Saved data entries:
+===+

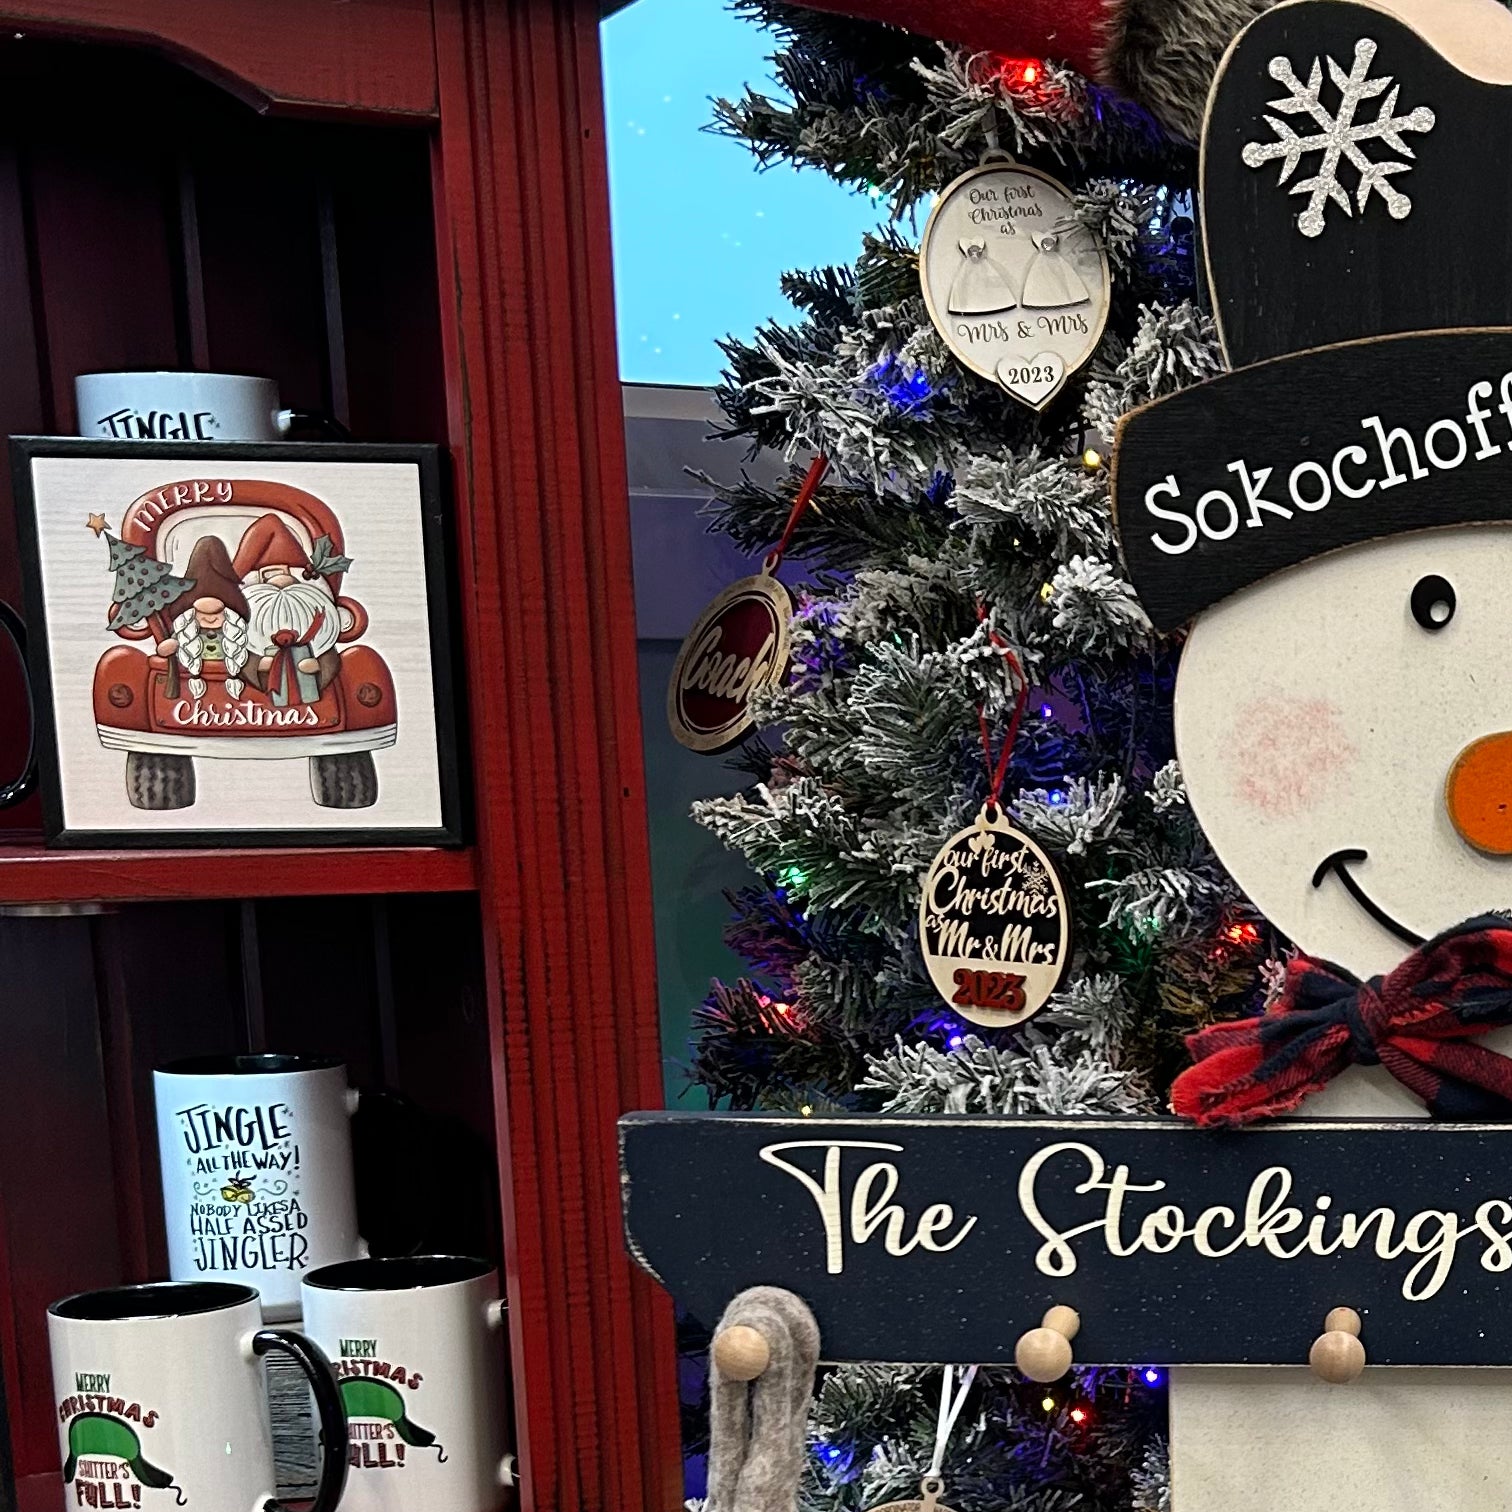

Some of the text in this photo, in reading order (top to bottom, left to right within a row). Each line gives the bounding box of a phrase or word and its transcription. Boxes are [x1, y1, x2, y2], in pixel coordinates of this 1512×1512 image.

[969, 185, 1036, 205] Our first
[968, 203, 1043, 225] Christmas
[1000, 221, 1016, 235] as
[957, 314, 1089, 344] Mrs & Mrs
[1008, 366, 1055, 385] 2023
[133, 480, 234, 533] MERRY
[173, 699, 320, 727] Christmas
[943, 843, 1029, 877] our first
[928, 865, 1059, 918] Christmas
[926, 913, 1056, 964] as Mr & Mrs
[952, 968, 1027, 1012] 2023
[176, 1104, 292, 1154] JINGLE
[196, 1145, 300, 1174] ALL THE WAY!
[190, 1198, 301, 1217] NOBODY LIKES A
[759, 1139, 977, 1274] The
[190, 1212, 308, 1235] HALF ASSED
[194, 1233, 308, 1271] JINGLER
[339, 1339, 377, 1357] MERRY
[75, 1372, 111, 1393] MERRY
[331, 1358, 424, 1390] RISTMAS
[59, 1394, 159, 1428] CHRISTMAS
[79, 1460, 130, 1479] SHITTER'S
[349, 1442, 406, 1468] ULL!
[75, 1479, 141, 1509] FULL!
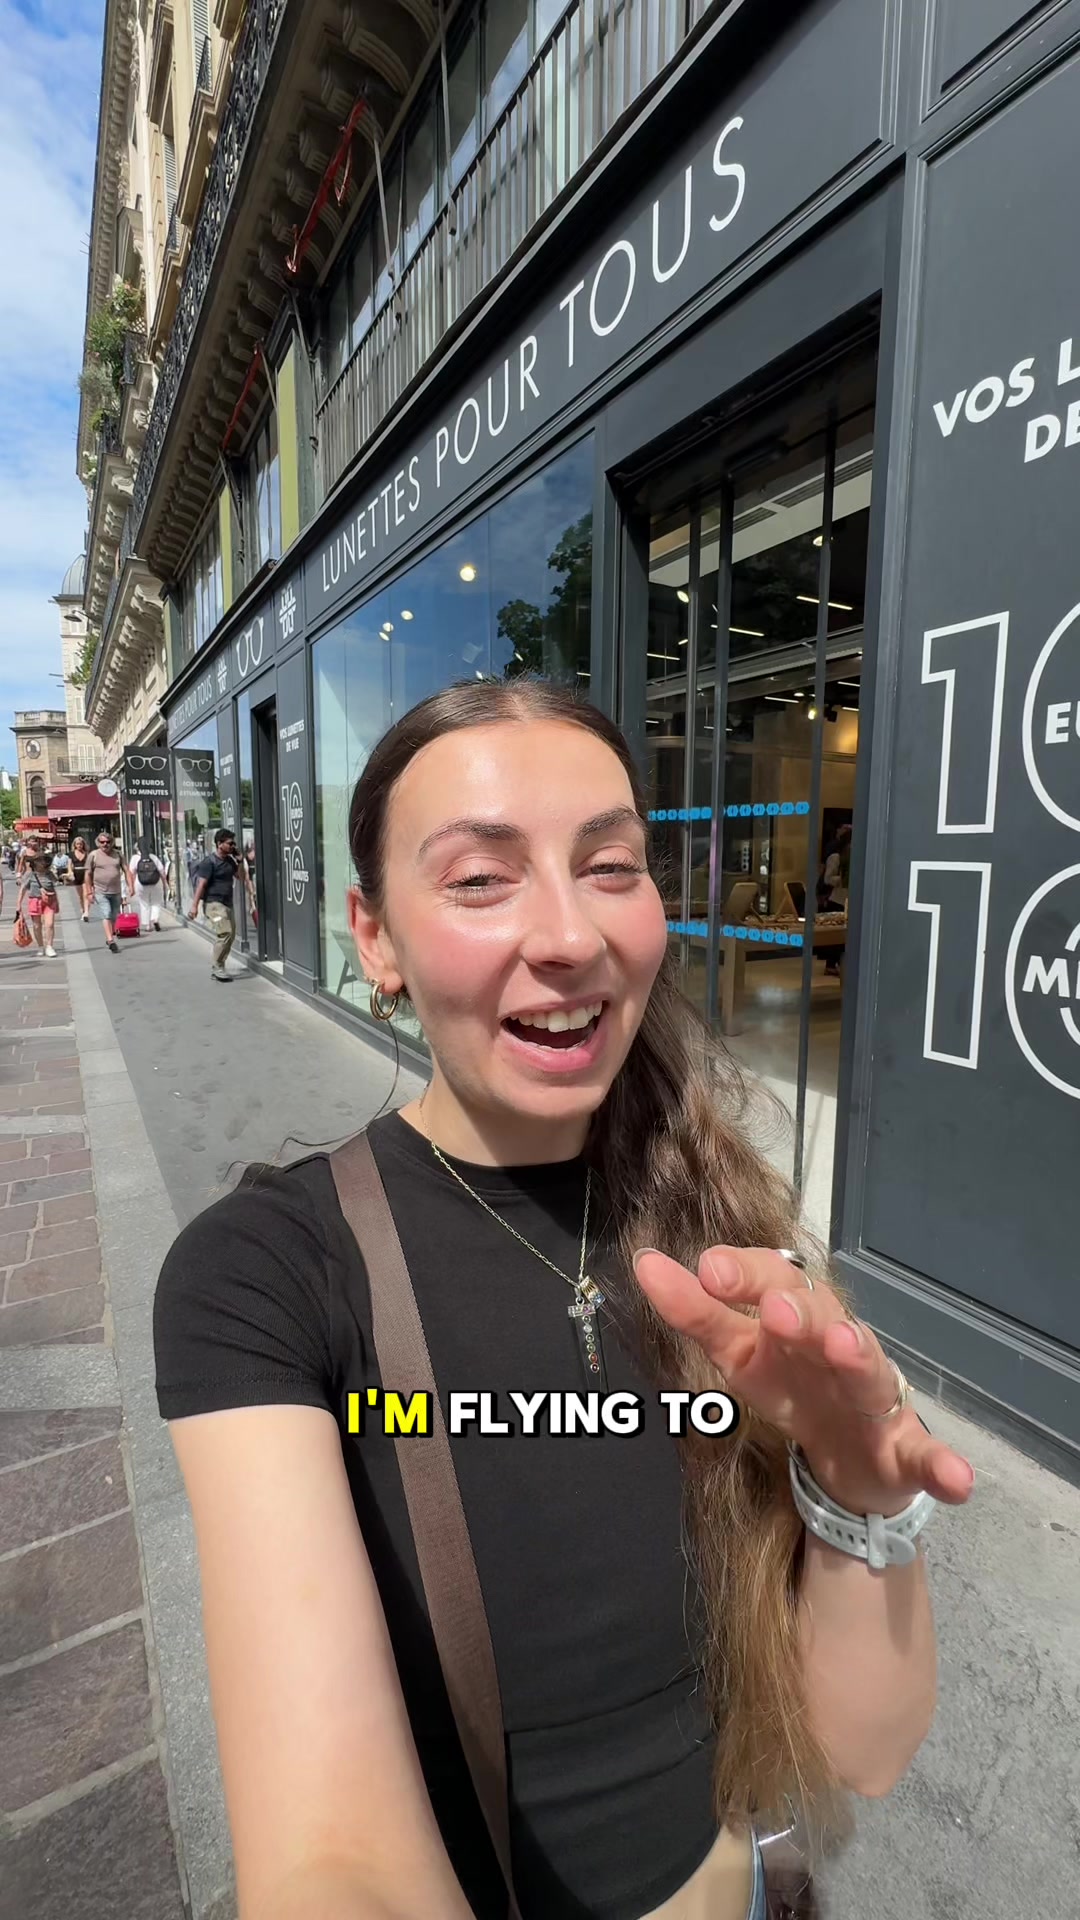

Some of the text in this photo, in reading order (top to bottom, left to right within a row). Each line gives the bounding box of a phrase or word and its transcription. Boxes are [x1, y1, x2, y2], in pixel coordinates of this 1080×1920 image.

[322, 116, 746, 592] LUNETTES POUR TOUS
[932, 357, 1035, 438] VOS
[1023, 399, 1080, 464] DE
[138, 788, 168, 796] MINUTES
[281, 782, 303, 842] 10
[284, 845, 305, 905] 10
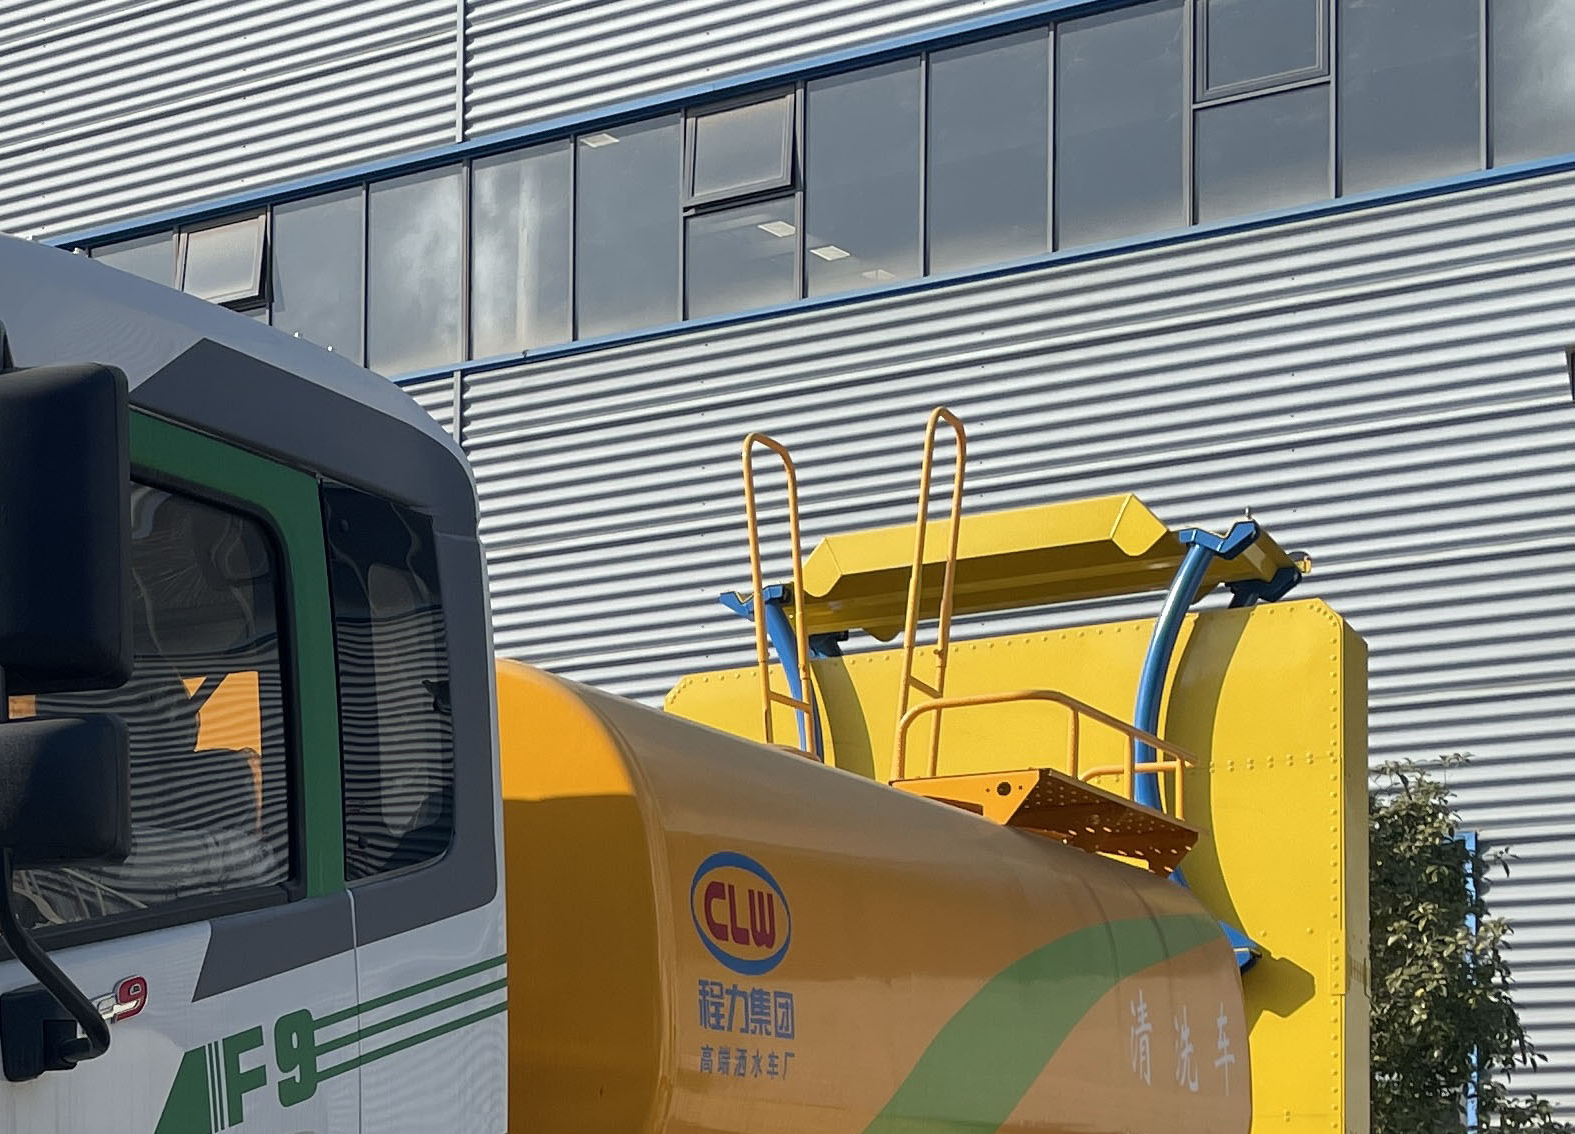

+===+

» YOUR TASK:
Copy exactly the lines that begin at the one containing "this 1080×1920 image." and end at the last line of the records, both included, omitting the pictures.

» EXERCISE ANSWER:
Some of the text in this photo, in reading order (top to bottom, left to right within a row). Each line gives the bounding box of a phrase or word and its transcription. Boxes are [x1, y1, x2, y2], in pixel coordinates of this 1080×1920 image.

[322, 116, 746, 592] LUNETTES POUR TOUS
[932, 357, 1035, 438] VOS
[1023, 399, 1080, 464] DE
[138, 788, 168, 796] MINUTES
[281, 782, 303, 842] 10
[284, 845, 305, 905] 10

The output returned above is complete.